日本の医療費総額は年間約46兆円(厚生労働省の直近推計ベース)に上るとされており、そのうち高齢者医療費が大きな割合を占めています。後期高齢者医療制度の財政は、現役世代からの支援金と公費(税金)によって大部分が賄われており、現役世代の負担が増大していることが長年の課題となっています。医療費の自己負担増は、財政の均衡を図るための選択肢の一つとして専門家や行政の間で継続的に議論されてきました。
一方で、窓口負担の引き上げに対しては高齢者や医療・福祉関係者からの懸念も根強くあります。負担増により受診を控える高齢者が増えた場合、重症化リスクが高まるという指摘も業界関係者から上がっています。また、年金収入のみで生活する低所得の高齢者層への影響も大きいとみられており、所得に応じたきめ細かな制度設計が求められます。実際、2022年に導入された後期高齢者の2割負担制度においても、導入当初は受診控えへの懸念が広く議論されました。
なお、厚生労働省は2026年8月から後期高齢者医療の資格確認書の運用に関して新たな取り扱いを始めることも発表しており、医療制度全体が大きな転換期を迎えつつあります。マイナンバーカードを活用した医療DX推進と並行して、給付と負担のバランスを問い直す動きが加速しています。

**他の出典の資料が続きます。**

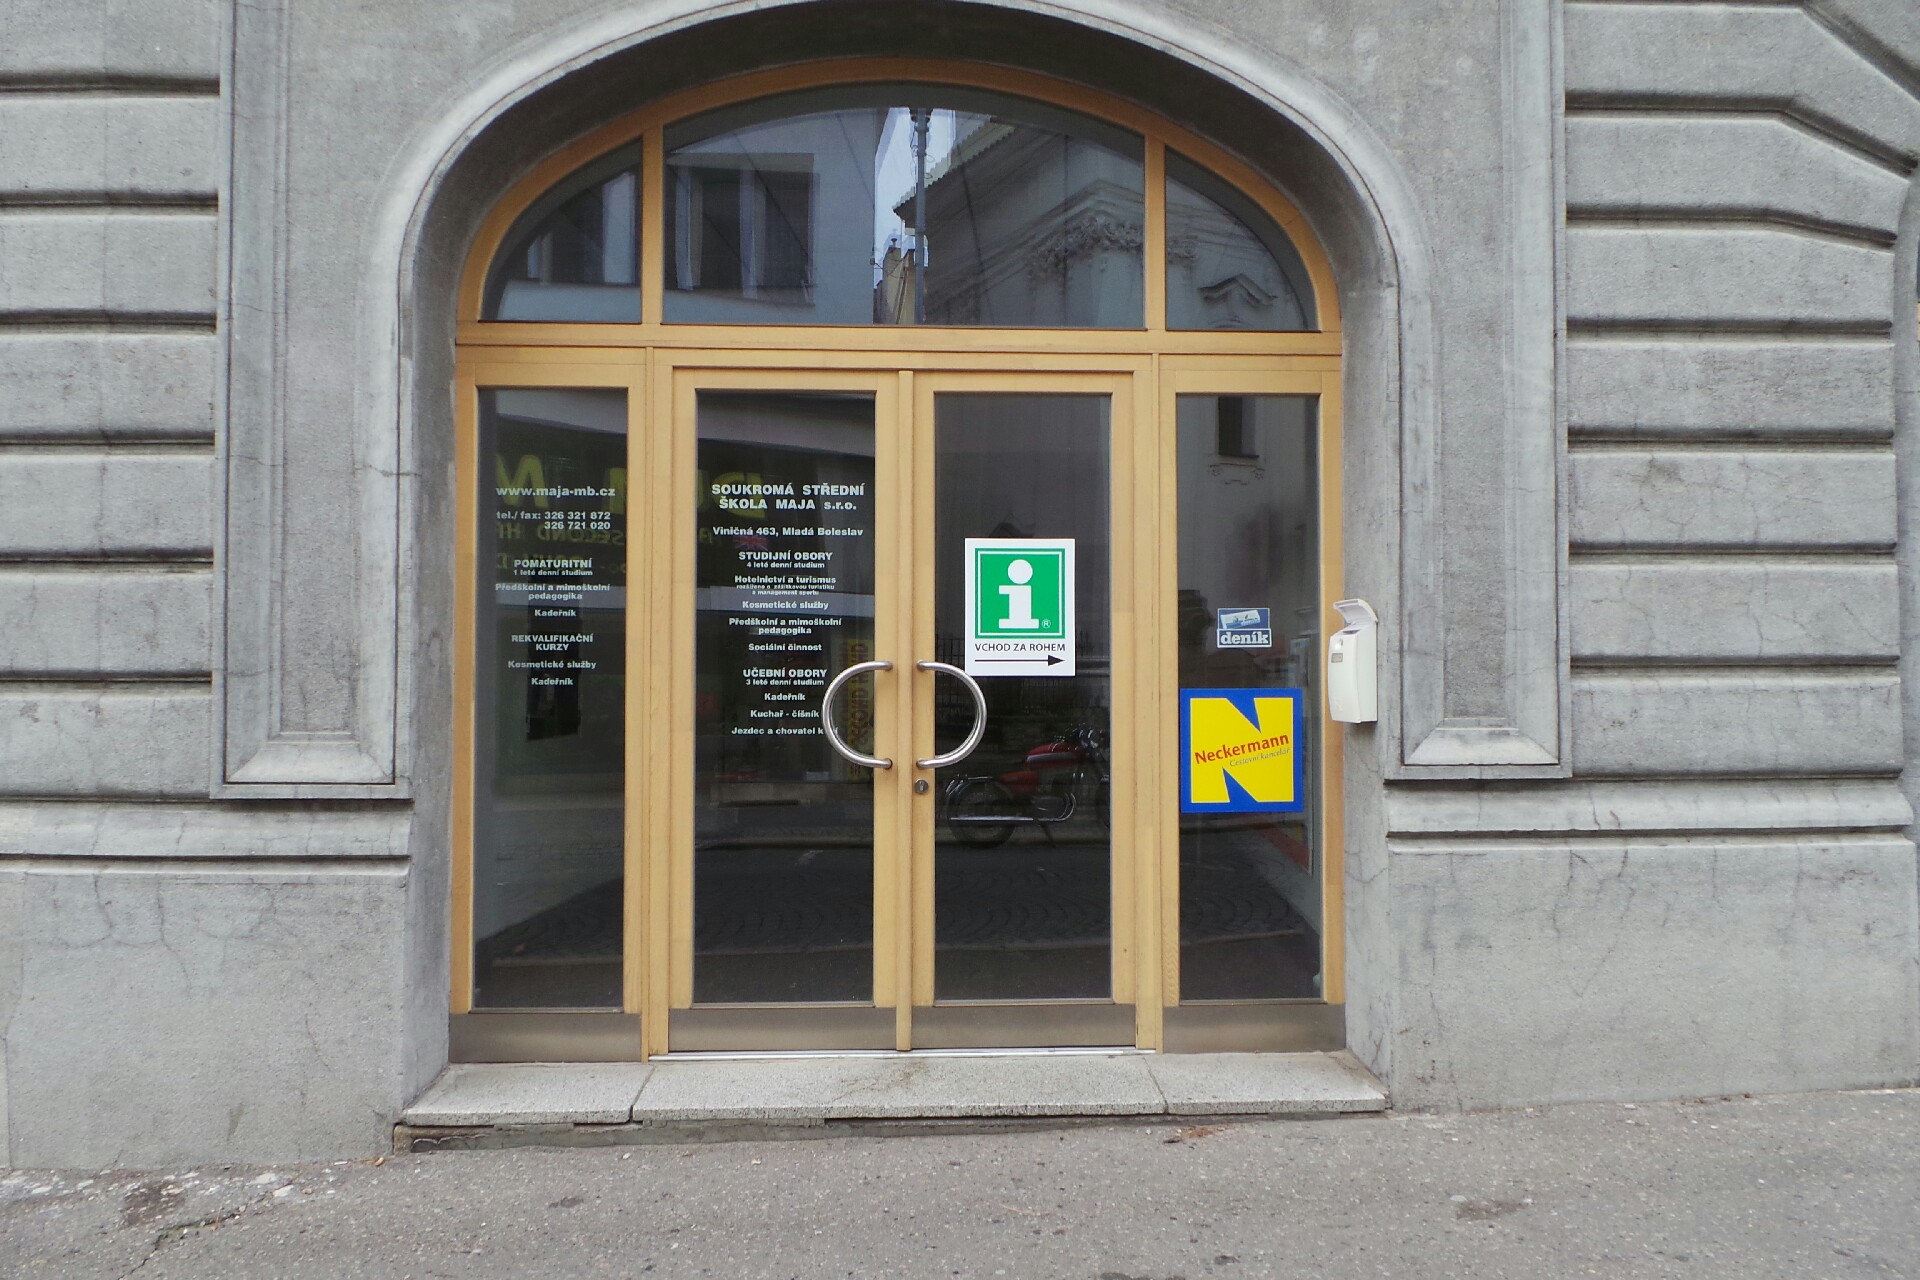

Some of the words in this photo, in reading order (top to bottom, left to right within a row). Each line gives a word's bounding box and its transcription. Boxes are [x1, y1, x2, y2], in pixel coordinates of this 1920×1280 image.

[496, 485, 616, 498] www.maja-mb.cz
[711, 483, 795, 496] SOUKROMÁ
[802, 483, 865, 496] STŘEDNÍ
[719, 496, 767, 509] ŠKOLA
[775, 499, 816, 509] MAJA
[823, 501, 857, 510] s.r.o.
[520, 511, 541, 520] fax:
[544, 512, 564, 520] 326
[567, 512, 586, 520] 321
[590, 512, 611, 520] 872
[544, 522, 564, 530] 326
[567, 522, 586, 530] 721
[590, 522, 611, 530] 020
[712, 526, 753, 536] Viničná
[756, 527, 779, 537] 463,
[782, 527, 814, 536] Mladá
[818, 527, 863, 536] Boleslav
[738, 550, 791, 561] STUDIJNÍ
[794, 552, 833, 561] OBORY
[513, 558, 592, 568] POMATURITNÍ
[734, 575, 786, 584] Hotelnictví
[787, 576, 794, 584] a
[795, 575, 837, 584] turismus
[495, 583, 545, 591] Předškolní
[556, 583, 611, 591] mimoškolní
[528, 592, 583, 601] pedagogika
[742, 600, 797, 609] Kosmetické
[799, 600, 829, 610] služby
[534, 609, 577, 617] Kadeřník
[729, 617, 778, 626] Předškolní
[788, 617, 842, 626] mimoškolní
[758, 626, 812, 636] pedagogika
[511, 633, 594, 643] REKVALIFIKAČNÍ
[1220, 631, 1269, 645] deník
[535, 643, 570, 651] KURZY
[748, 642, 785, 651] Sociální
[787, 642, 822, 651] činnost
[975, 643, 1011, 652] VCHOD
[1013, 643, 1027, 652] ZA
[1029, 643, 1066, 652] ROHEM
[508, 660, 564, 669] Kosmetické
[566, 660, 597, 670] služby
[743, 667, 786, 678] UČEBNÍ
[788, 669, 828, 678] OBORY
[531, 677, 574, 685] Kadeřník
[764, 693, 806, 701] Kadeřník
[750, 709, 784, 718] Kuchař
[791, 709, 819, 718] číšník
[731, 727, 765, 735] Jezdec
[775, 727, 816, 735] chovatel
[1194, 734, 1289, 765] Neckermann
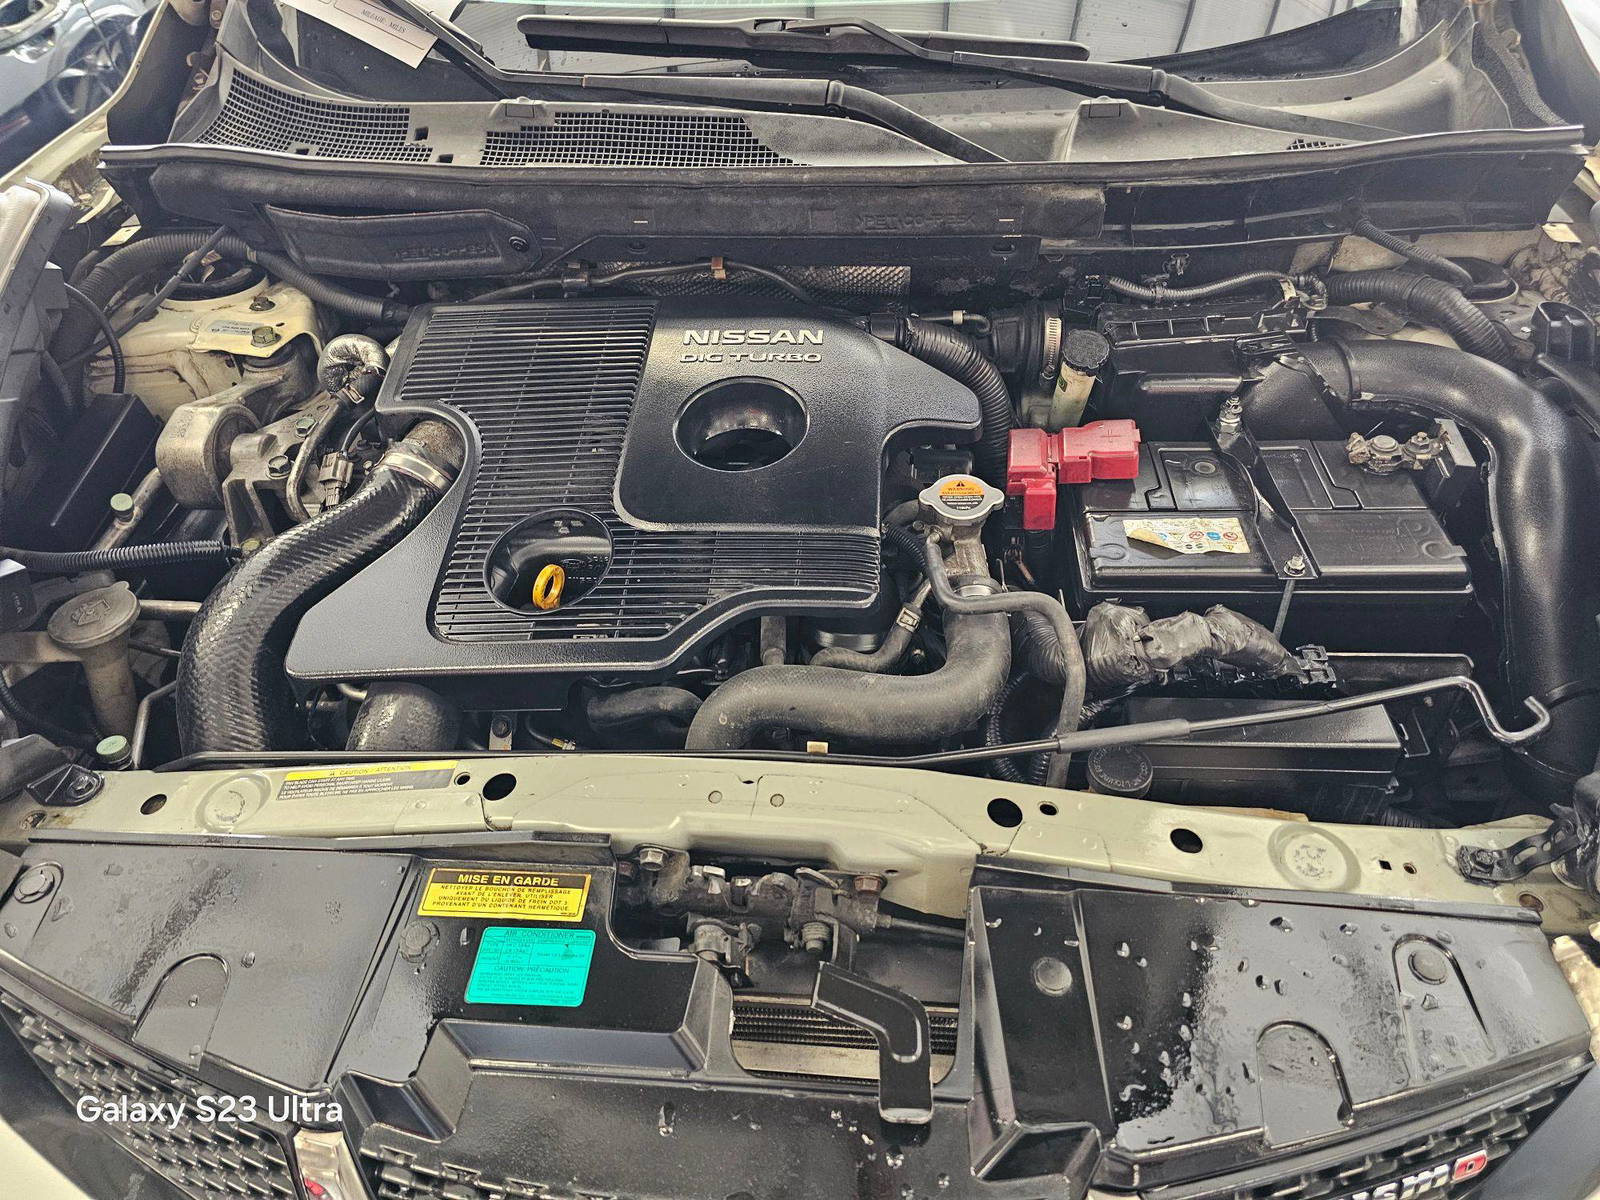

今後は、年度末に向けた工程表の策定プロセスのなかで、負担増の具体的な水準・対象・時期について議論が本格化するとみられます。与党内での調整に加え、野党や医療関係団体との意見交換も必要となるため、制度改正の最終的な姿が固まるまでにはなお時間を要する可能性があります。高齢者医療の持続可能性と現役世代の負担軽減をどう両立させるか、今後の政策論議の行方が注目されます。